Many times, I asked God why He placed me in such a painful position. I felt like I was suffering for no reason. But the truth is, I needed that job. I had been home for a long time after graduating, searching, waiting, hoping. I needed to earn something, even if the pay felt insignificant. What I didn’t realize then was that God was preparing me.

Preparing me for Japan.

I truly believe I would not have survived this transition if I hadn’t gone through what I went through at that workplace. Japan required resilience. It demanded emotional strength, patience, self-discipline, and discernment. The shift in culture. The shift in language. The shift in identity. Being completely on my own.

This kind of transition was new to me. Every other step I had taken in life, every new chapter, I had someone beside me. A family member. A friend. A support system. This time, I had to take a leap of faith alone. And I won’t pretend it was easy. It wasn’t.

But Japan taught me something sacred.

It taught me to let go of old habits that no longer served me. It taught me to sit with myself. To confront my fears. To unlearn survival modes I had mistaken for personality. It taught me that discomfort can be a classroom, and loneliness can be a mirror.

So what am I really trying to say?

Sometimes the phase you are in feels like abandonment. You feel like grace has left you. Like God is silent.
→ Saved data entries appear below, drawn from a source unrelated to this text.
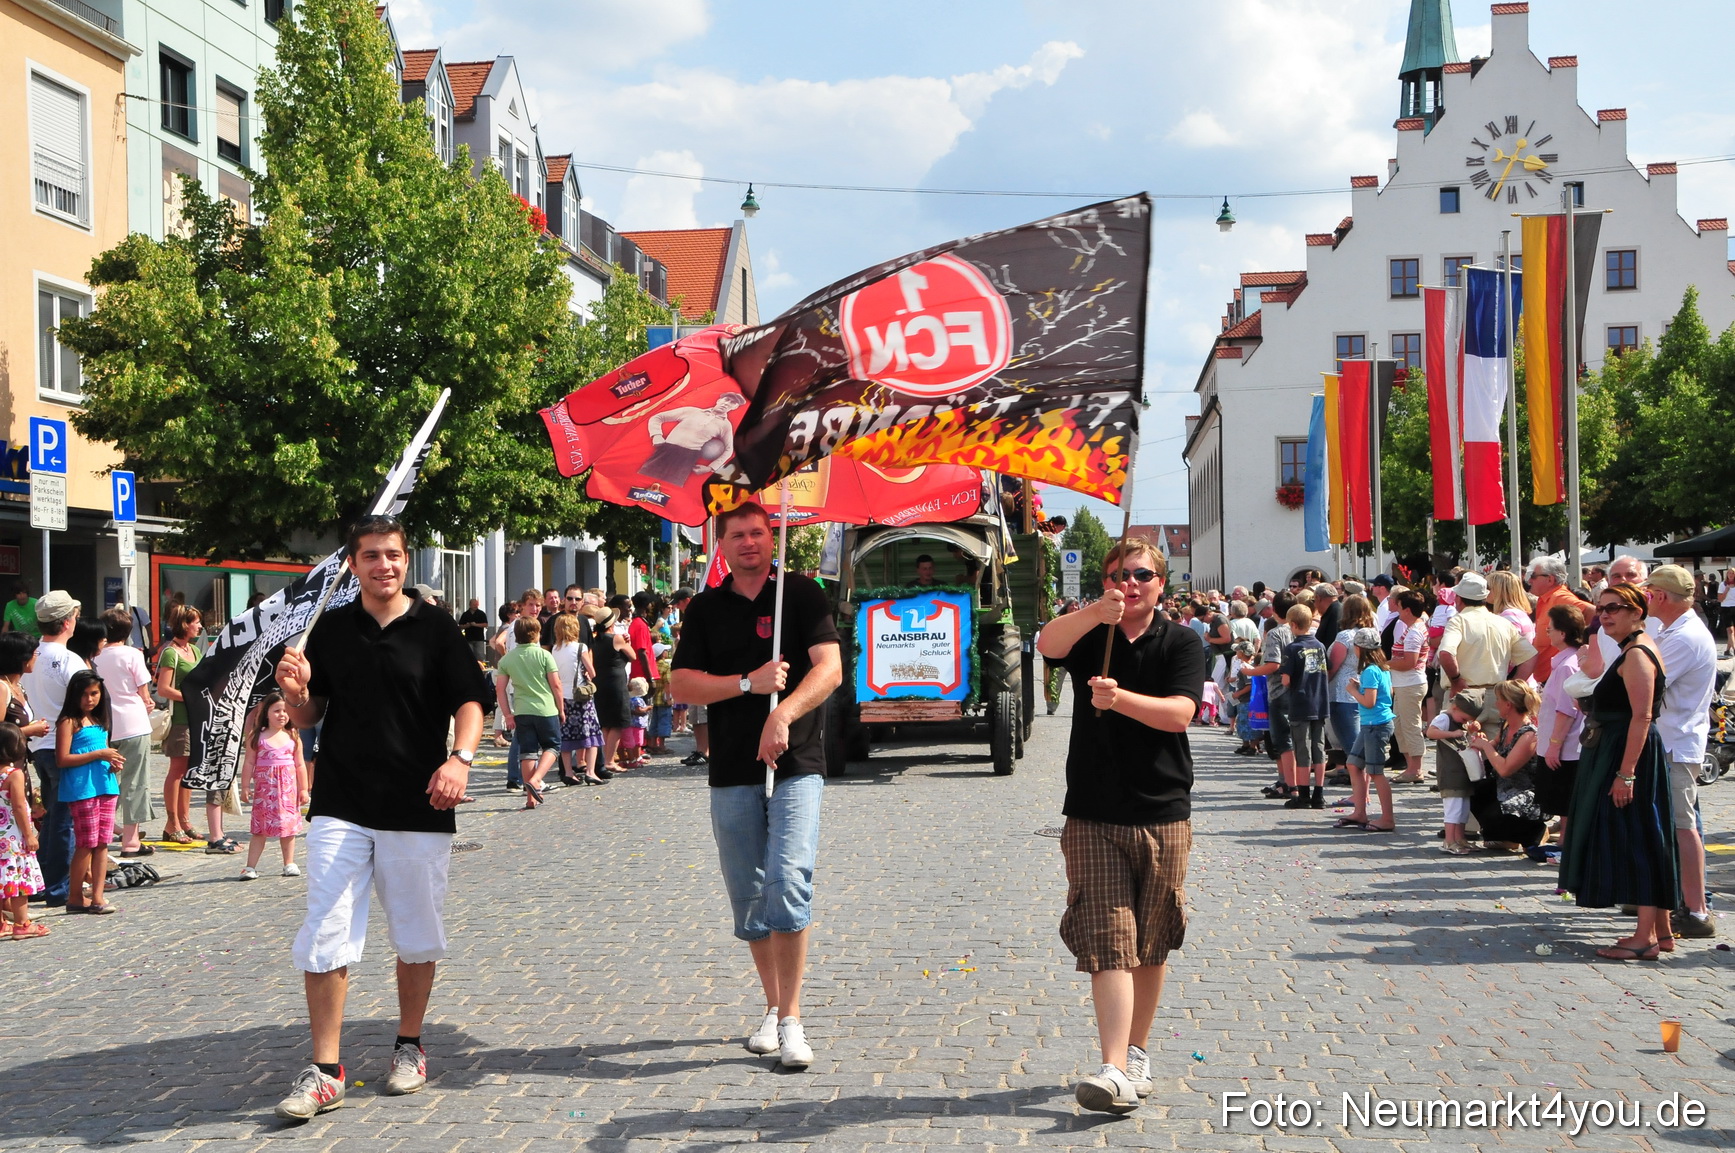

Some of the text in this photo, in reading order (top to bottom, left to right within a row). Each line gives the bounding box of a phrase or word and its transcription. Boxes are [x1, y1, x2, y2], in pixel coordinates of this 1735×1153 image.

[615, 374, 646, 396] Tucher
[38, 424, 59, 465] P
[34, 485, 64, 496] Parkschein
[117, 477, 131, 515] P
[37, 496, 62, 506] werktags
[931, 641, 951, 649] guter
[922, 649, 952, 657] Schluck
Like you don’t know where to start or what step to take next. But maybe, just maybe, God hasn’t left at all. Maybe He’s closer than ever, quietly shaping you, refining you, preparing you for a version of yourself you haven’t met yet.

Not every unfamiliar place is punishment. Not every hard season is failure. Some are preparation. Some are revelation. And some are invitations, to grow, to heal, and to finally understand who you are becoming.

If you’re in that place right now, hold on. There is light. Even if you can’t see it yet.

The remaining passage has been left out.